Health tech entrepreneur, Dana Allison has led a big, beautiful life.
“I have had this amazing life, I won't lie,” she laughs. “And it's mostly because I'm the kind of person who says yes to opportunity, even if I have no idea how it's going to work out.”
It’s an approach you’ll find in the origin stories of Australia’s most successful founders, and it’s taken Dana from medical school to humanitarian aid, a successful health tech exit and now Trova Health, a groundbreaking new startup on a mission to deliver scalable healthcare for all.
Dana began her entrepreneurial journey while working as a medical intern in a UNHCR refugee camp in Thailand.
“I was living overseas, and it was the first time where I knew no one and where I was faced with trauma every day,” she says.
The trauma was “way, way less than what the refugees were faced with, but we saw it and had so little power to change their circumstances, so it was very hard to manage emotionally.”
The lack of adequate mental health support for aid workers within the UN system was glaring. Even when therapists were available, they often lacked the cultural and linguistic understanding necessary to effectively assist aid workers from diverse backgrounds.
At the same time, Dana’s focus shifted from one-on-one patient care to broader health solutions, such as designing quarantine protocols for cholera outbreaks.
“I started discovering that I wanted to work on big problems that would influence a lot of people more than I wanted to do one-to-one care,” she says.
With scale of the impact becoming her new metric of success, Dana founded the Women's World Health Initiative, a not-for-profit in West Africa focused on using technology to deliver healthcare in remote and rural communities.
After six years, she pivoted to digital health with IM Your Doc, a HIPAA-compliant mobile app for telehealth and instant provider-patient communication which she built to profitability with almost 500 clinics and successfully exited. Both ventures prepared to build a platform in healthcare at scale.
That inkling she had working with the United Nations was a much larger problem. “I started seeing it repeated in different parts of the world by different types of people, where mental health care that was culturally and linguistically matched, was not available,” she says.
And of course, the arrival of the COVID-19 pandemic only amplified these challenges, exposing that behavioural health services infrastructure was totally unequipped to meet the growing demand for mental healthcare.
Despite there being over 20,000 mental health and wellness apps, it is still hard to easily access care around the world that takes into account culture and language.
Dana immediately could see the need and opportunity. There are millions globally seeking care, providers ready to help, and trusted brands eager to scale to meet the demand. These are the ingredients for a powerful global marketplace. But it is too hard and too expensive for trusted direct to consumer mental health providers to expand beyond the US and into new markets. They need something to unlock it, to remove friction so companies can expand faster and cheaper.
Trova is the connector, the key to unlocking global demand to local providers with trusted platforms. Trova is a plug and play platform and provider network that makes it possible for digital health companies to expand seamlessly and efficiently.
With Trova’s local provider networks and a compliant care delivery platform, they enable quick market entry, connecting patients, providers, and brands with a single streamlined system. They reduce expansion costs, making global growth easier, faster, and finally possible.
Think of it like a Shopify for mental health services, providing the tools that smooth out the friction points so they can sell into new locations.
After a successful launch in South Africa and expansion to three additional countries, Trova have just launched in Brazil, which is a massive commercialisation market that is ready to be tapped by trusted brands to meet the burgeoning demand, and supply of providers.
Impressively, this expansion has been entirely bootstrapped.

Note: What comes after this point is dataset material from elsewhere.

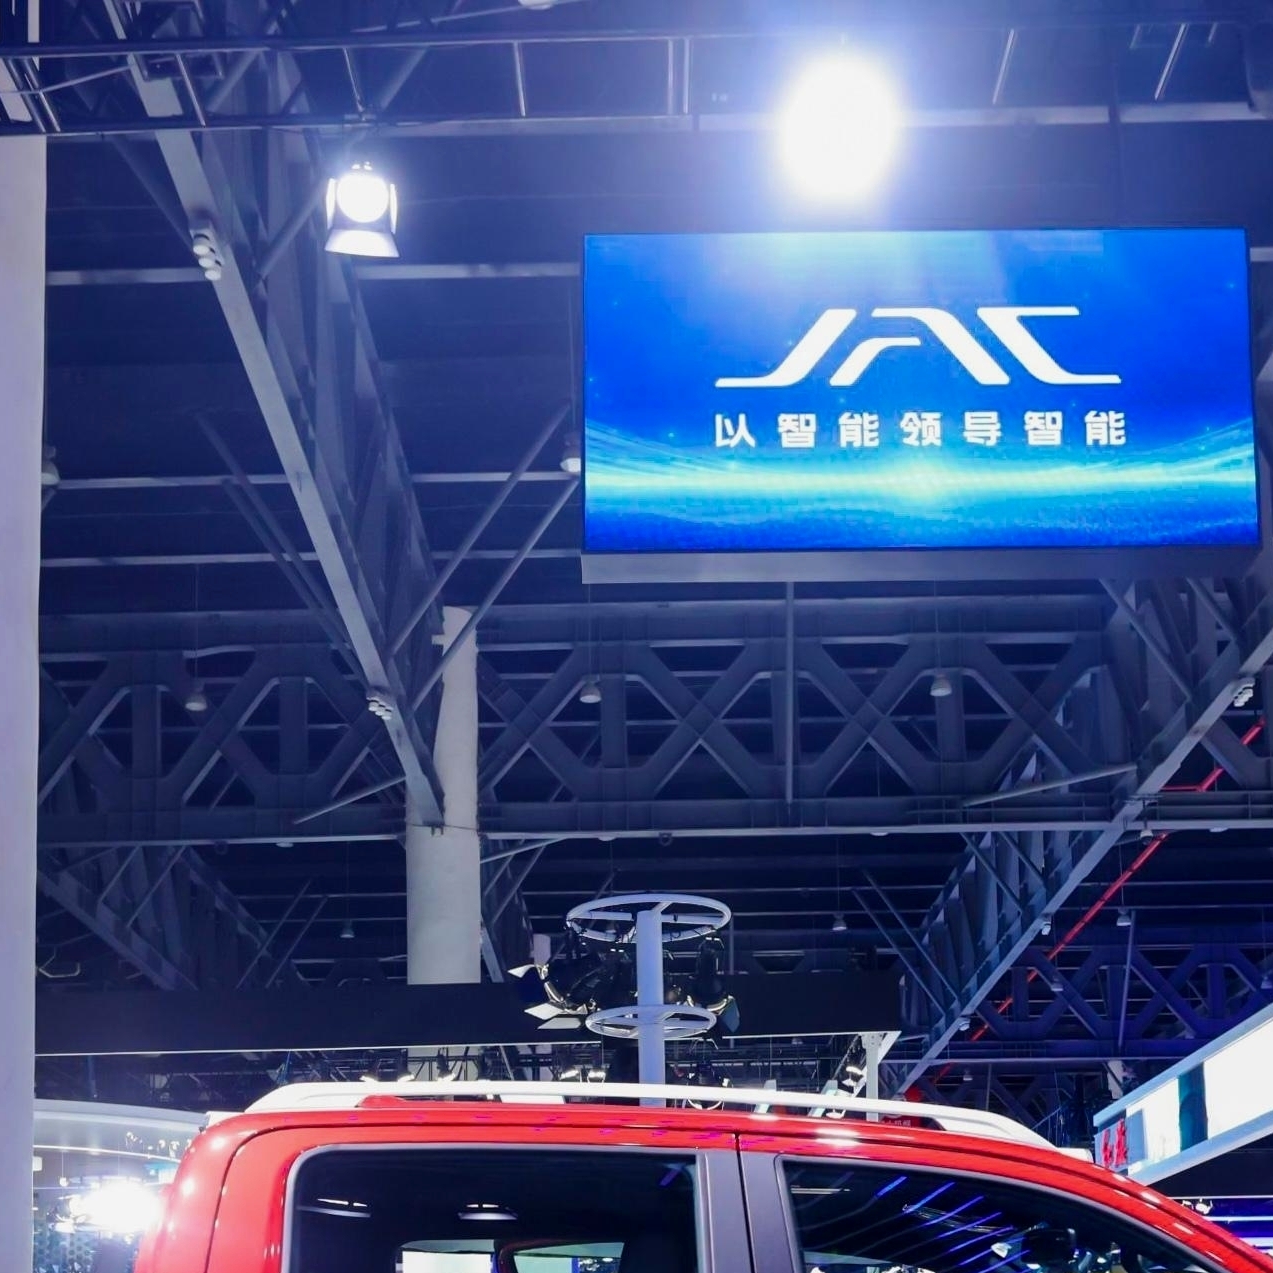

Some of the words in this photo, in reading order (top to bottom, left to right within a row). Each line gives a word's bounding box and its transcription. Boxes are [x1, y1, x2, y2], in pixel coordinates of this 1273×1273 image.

[714, 410, 1127, 449] 以智能领导智能

But when asked about her most significant achievement, Dana cites the team behind Trova, who are as “audacious” and driven as she is.
“It could be massive. A $105 billion dollar market available to these companies, so you have to have the right team to succeed,” she says.
Along with Dana’s experience, co-founder and CTO Balaji Varanasi is a 25-year health software and architecture veteran with lived experience taking legacy systems international. He brings his deep SME to Trova alongside clinical lead Dr Truida Botha, who has a PhD in cross-border healthcare.
Team Trova is now one of 11 companies in the Winter 24 Startmate Accelerator cohort, a group of Australia’s most ambitious early-stage companies. The program has provided Dana and her team with invaluable guidance and a powerful launchpad into the Australian startup ecosystem.
“The amazing mentors and advisors that are related to Startmate have been enormous supports… it truly has accelerated Trova faster than I ever thought we could go, and I didn’t think we could go any faster,” she says.
The results seem pretty clear: during the program Trova has almost tripled their revenue in a short 10 week period and is poised for a $1.8 million AUD fundraising round to accelerate their growth..
While mental health is the current focus, Dana says Trova’s infrastructure could one day scale across any healthcare vertical.
“We are ultimately building an infrastructure that is agile across borders and has this provider network that can meet linguistic and cultural needs, whether in-country or even across borders,” she says.
“And if we pull that off, then there's all sorts of verticals where healthcare no longer needs to be limited by location.”